Taking the cable car up Jade Dragon Snow Mountain, tiny wooden cabins nestled in soft white, and the fir trees nearby also wore fluffy wool hats. Reaching 4506 meters altitude, a southerner seeing snow for the first time, I excitedly grabbed a handful of snow but couldn't compress it — it was as hard as frost, so cold it instantly froze my hands. In the distance, everything was thick white snow, vast and moving. I was lucky to see snowflakes falling in the sky, tiny and crystalline like fine salt. By the time we descended, it was minus five degrees Celsius. A crescent moon hung in the blue sky.

DAY5 (Lijiang Ancient Town & Shuhe Ancient Town & Shuanglang & Kunming)

Depart at 7:20 am — arrive at the Huanglong Jade Shop in Shuhe Ancient Town (2 hours) — Huanglong jade shopping (1 hour) — from the shop to Xianhai Shifu Restaurant (30 minutes) — change guide — take photos at Shuanglang (30 minutes) — from the restaurant to Xinhengyuan Hotel (6 hours 20 minutes), taste peacock feast — from Xinhengyuan to Mingchun Huayuan Hot Spring Hotel (2 hours).

On the road to the snow mountain, many flowering trees were planted. Early in the morning, we arrived at Shuhe Ancient Town, a place with a history of over 1200 years. In the dappled sunshine, horse-drawn carts waited by the roadside.

Passing through Shuanglang, I saw low houses scattered along the distant Erhai lakeside — time seemed serene and endless.

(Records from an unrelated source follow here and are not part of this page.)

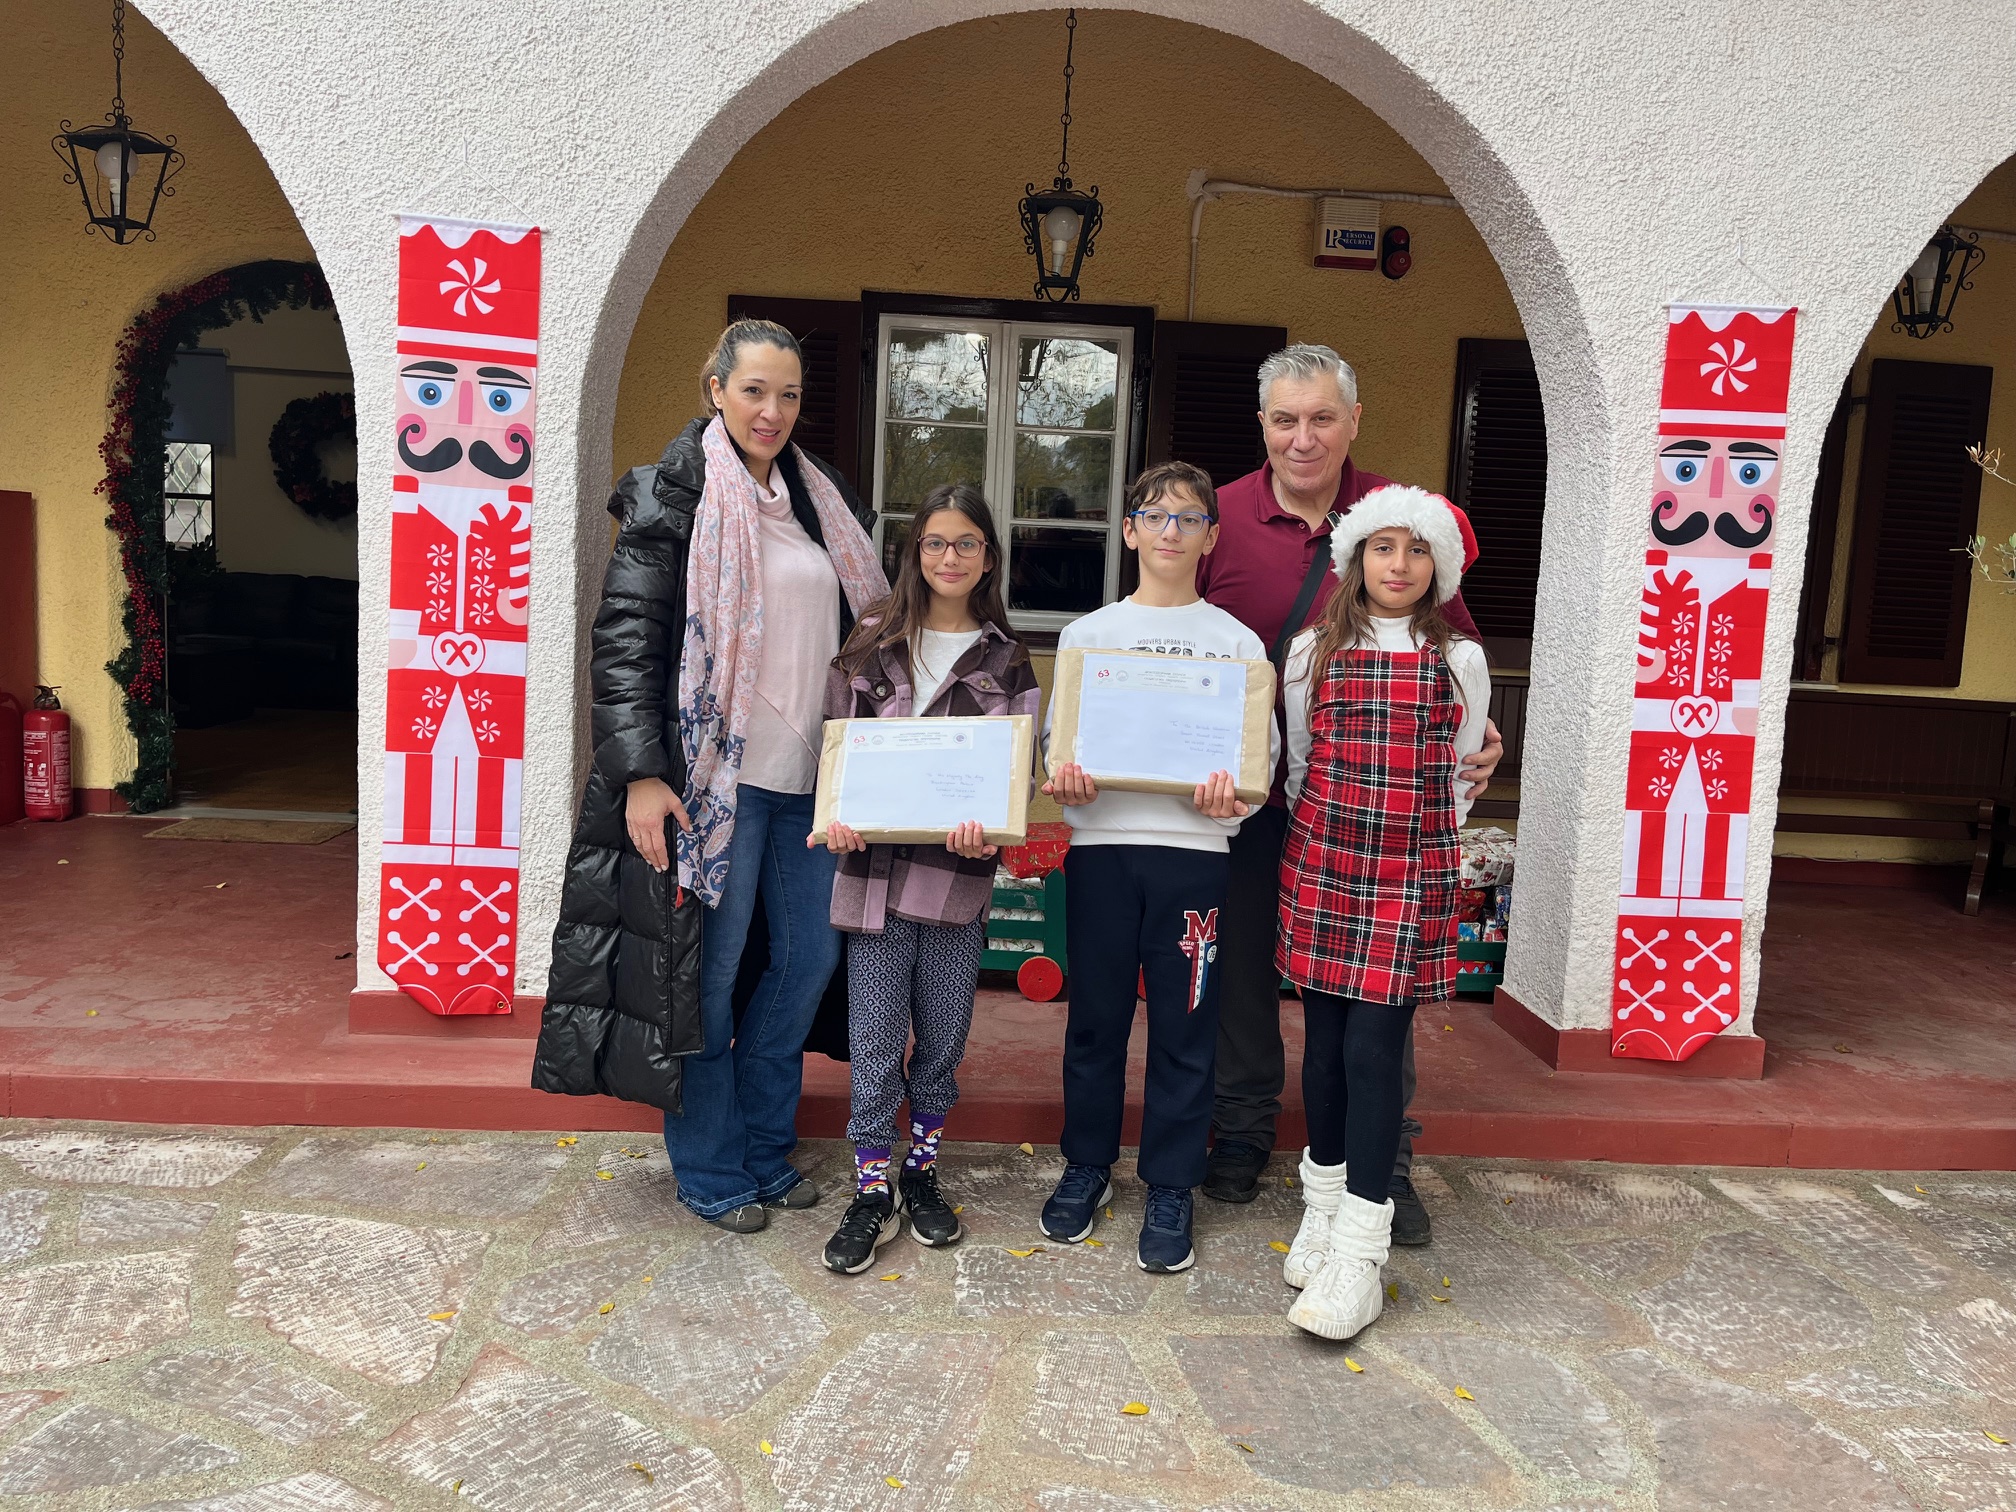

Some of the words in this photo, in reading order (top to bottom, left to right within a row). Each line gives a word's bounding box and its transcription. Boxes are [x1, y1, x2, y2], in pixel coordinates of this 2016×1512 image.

[1137, 638, 1162, 646] MOOVERS
[1182, 640, 1197, 648] STYLE
[1097, 669, 1110, 678] 63
[853, 735, 866, 744] 63
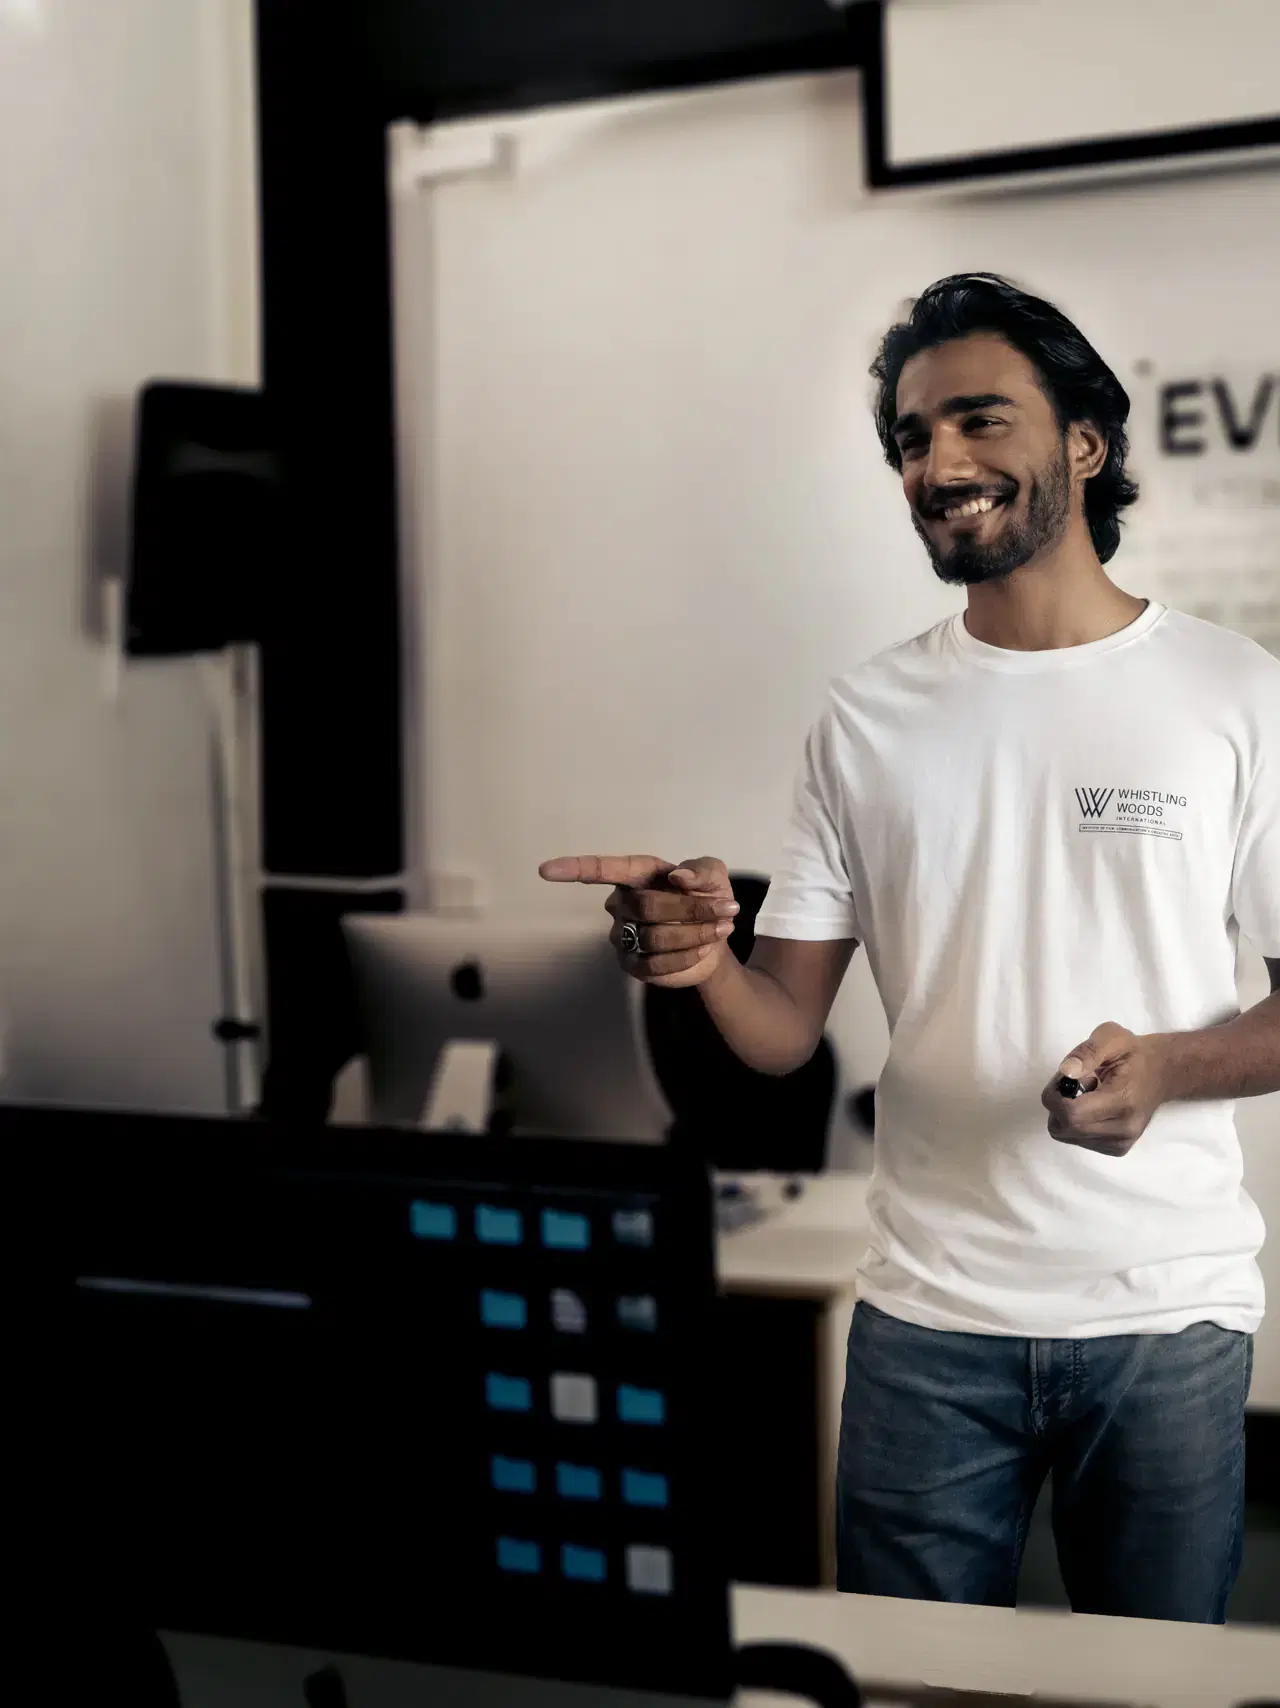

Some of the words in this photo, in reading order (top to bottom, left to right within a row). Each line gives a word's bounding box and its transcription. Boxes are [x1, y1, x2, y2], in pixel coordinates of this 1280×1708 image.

[1118, 788, 1187, 807] WHISTLING
[1117, 803, 1163, 817] WOODS
[1116, 816, 1166, 826] INTERNATIONAL

The new guide said that Yunnan has 26 ethnic groups. Xishuangbanna has the Dai people; April 14 or 15 is the Water Splashing Festival. Dai people wear ethnic costumes and gather in the square at 7–8 pm to release Kongming lanterns. The temperature is high that month, fruits are cheap, and flip-flops are essential. On the bus to Xishuangbanna, you pass through Mojiang County in Pu'er City, where the Tropic of Cancer runs through. The Hani people live there, and there are many twins. You can walk the Tropic of Cancer line, make wishes at the Twin Towers, and drink water from the twin well — one day is enough. Shangri-La is best visited in August or September when the vegetation is most lush; don't go later than October. There are Tibetans who believe in Tibetan Buddhism. If you want a spiritual cleansing, that's the place. The Stone Forest has the Yi people; their houses are distinctive, made of earth and felt. July in the lunar calendar is their Torch Festival, a festival suitable for singing, dancing, and matchmaking. Dali has many Bai people. They usually live on the first floor; the second floor and above are used for storage. The Bai people like things white — white clothing, silver adornments, and white food and lodging.

DAY6 (Kunming Dounan Flower Market & Airport)

Depart at 8 am — arrive at Dounan Flower Market (20 minutes) — wander (arrange on your own; browse jade, silver, flowers, local products) — head to the airport (1 hour).

My favorite among Huanglong jade is 'water grass flower'; its swaying branches have a sparse elegance. At Dounan, fresh flowers are sold by the kilo; the market is like a vegetable market, with carts and trucks bringing them in.

Looking forward to meeting Zouzheqiao Travel again.